While on its way, the driver of the bus was driving fast and when he applied the brakes it cause the bus to be
overturned. The driver, the conductor, and some passengers were able to free themselves from the bus except
Bataclan and 3 others. The passengers called the help of the villagers and as it was dark, the villagers brought
torch with them. The driver and the conductor failed to warn the would-be helpers of the fact that gasoline has
spilled from the overturned bus so a huge fire ensued which engulfed the bus thereby killing the 4 passengers
trapped inside. It was also found later in trial that the tires of the bus were old.
ISSUE: Whether or not the proximate cause of the death of Bataclan et al was their burning by reason of the
torches which ignited the gasoline.
HELD: No. The proximate cause was the overturning of the bus which was caused by the negligence of the
driver because he was speeding and also he was already advised by Medina to change the tires yet he did not.
Such negligence resulted to the overturning of the bus. The torches carried by the would-be helpers are not to be
blamed. It is just but natural for the villagers to respond to the call for help from the passengers and since it is a
rural area which did not have flashlights, torches are the natural source of lighting. Further, the smell of gas could
have been all over the place yet the driver and the conductor failed to provide warning about said fact to the
villagers.
WHAT IS PROXIMATE CAUSE?
Proximate cause is that cause, which, in natural and continuous sequence, unbroken by any efficient intervening
cause, produces the injury, and without which the result would not have occurred.
And more comprehensively, the proximate legal cause is that acting first and producing the injury, either
immediately or by setting other events in motion, all constituting a natural and continuous chain of events, each
having a close causal connection with its immediate predecessor, the final event in the chain immediately
effecting the injury as a natural and probable result of the cause which first acted, under such circumstances that
the person responsible for the first event should, as an ordinary prudent and intelligent person, have reasonable
ground to expect at the moment of his act or default that an injury to some person might probably result
therefrom.
People vs alconga
Facts: On May 27, deceased Silverio Barion, the banker of the card game, was playing black jack against Maria
De Raposo. De Raposo and Alconga were partners in the game, they had one money. Alconga was seated behind
Barion and he gave signs to De Raposo. Barion, who was suffering losses in the game, found this out and he
expressed his anger at Alconga. The two almost fought outright this was stopped.

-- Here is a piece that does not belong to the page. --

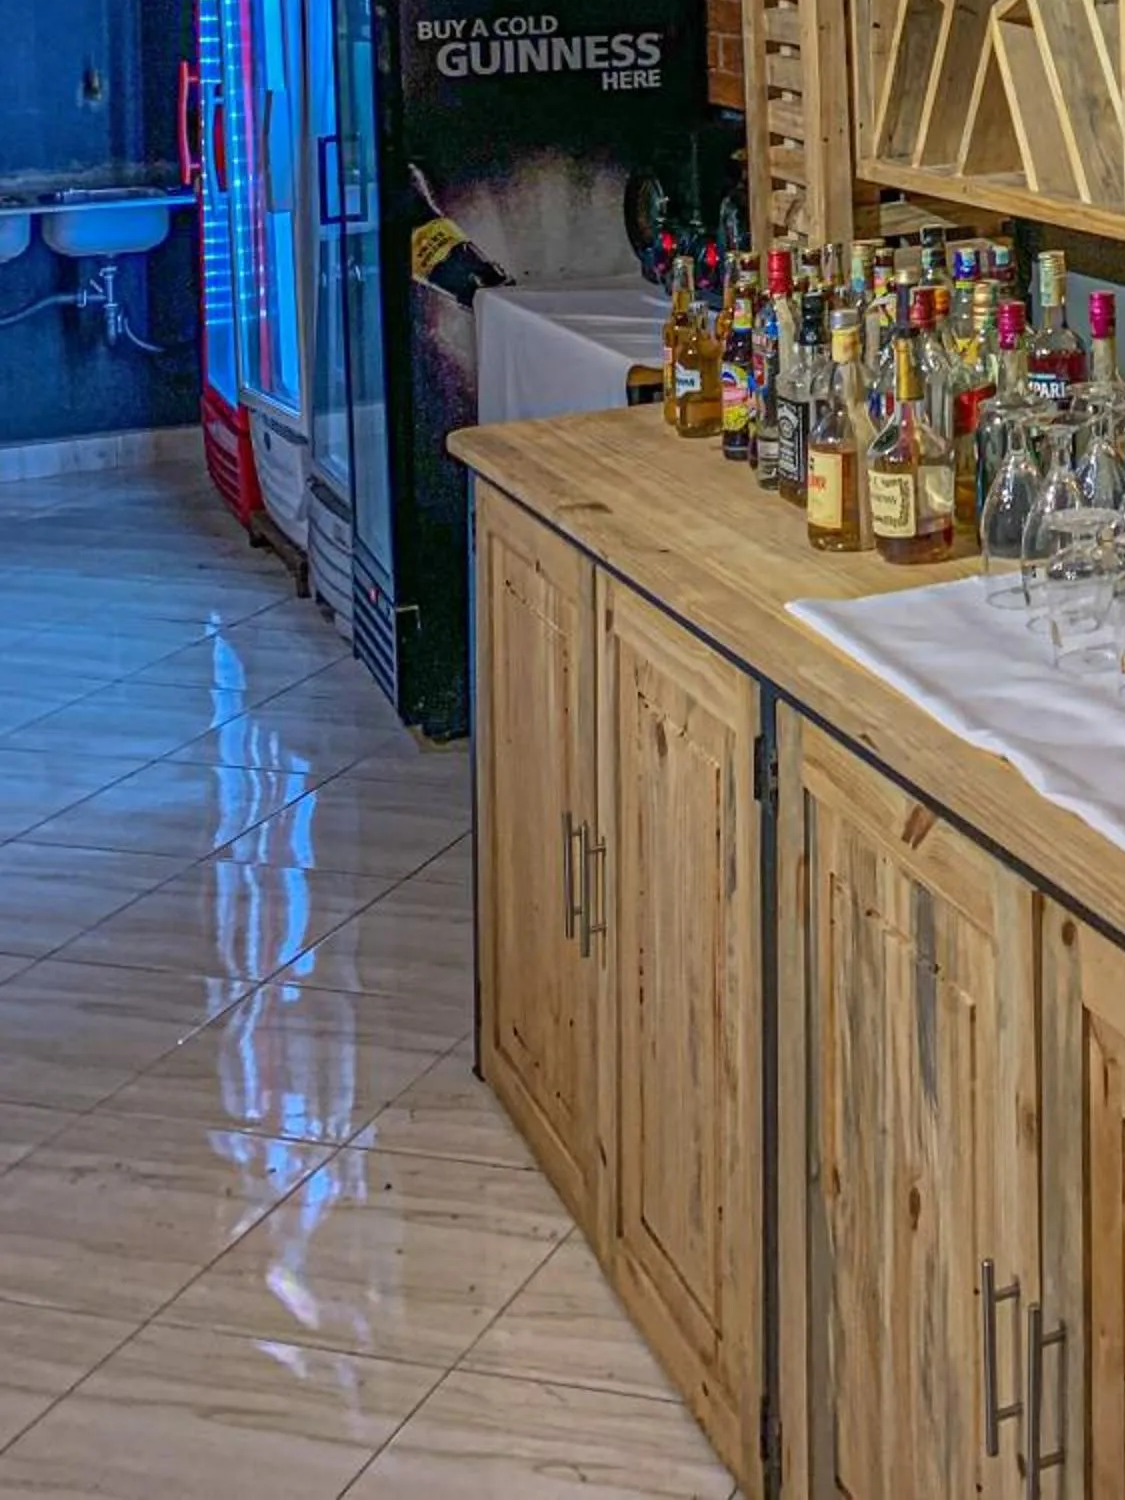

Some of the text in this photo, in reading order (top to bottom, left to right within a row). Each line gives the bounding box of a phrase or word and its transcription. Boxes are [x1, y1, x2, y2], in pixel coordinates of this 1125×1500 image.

The two met again on May 29. when Alconga was doing his job as a home guard. While the said accused was
seated on a bench in the guardhouse, Barion came along and said Coroy, this is your breakfast followed by a
swing of his pingahan, a bamboo stick. Alconga avoided the blow by falling to the ground under the bench with
the intention to crawl out of the guardhouse. A second blow was given by Barion but failed to hit the accused,
hitting the bench instead. Alconga managed to go out of the guardhouse by crawling on his abdomen. While
Barion was about to deliver the 3rd blow, Alconga fired at him with his revolver, causing him to stagger and hit
the ground. The deceased stood up, drew forth his dagger and directed a blow to the accused who was able to
parry the attack using his bolo. A hand to handfight ensued. The deceased, looking already beaten and having
sustained several wounds ran away. He was followed by the accused and was overtaken after 200 meters.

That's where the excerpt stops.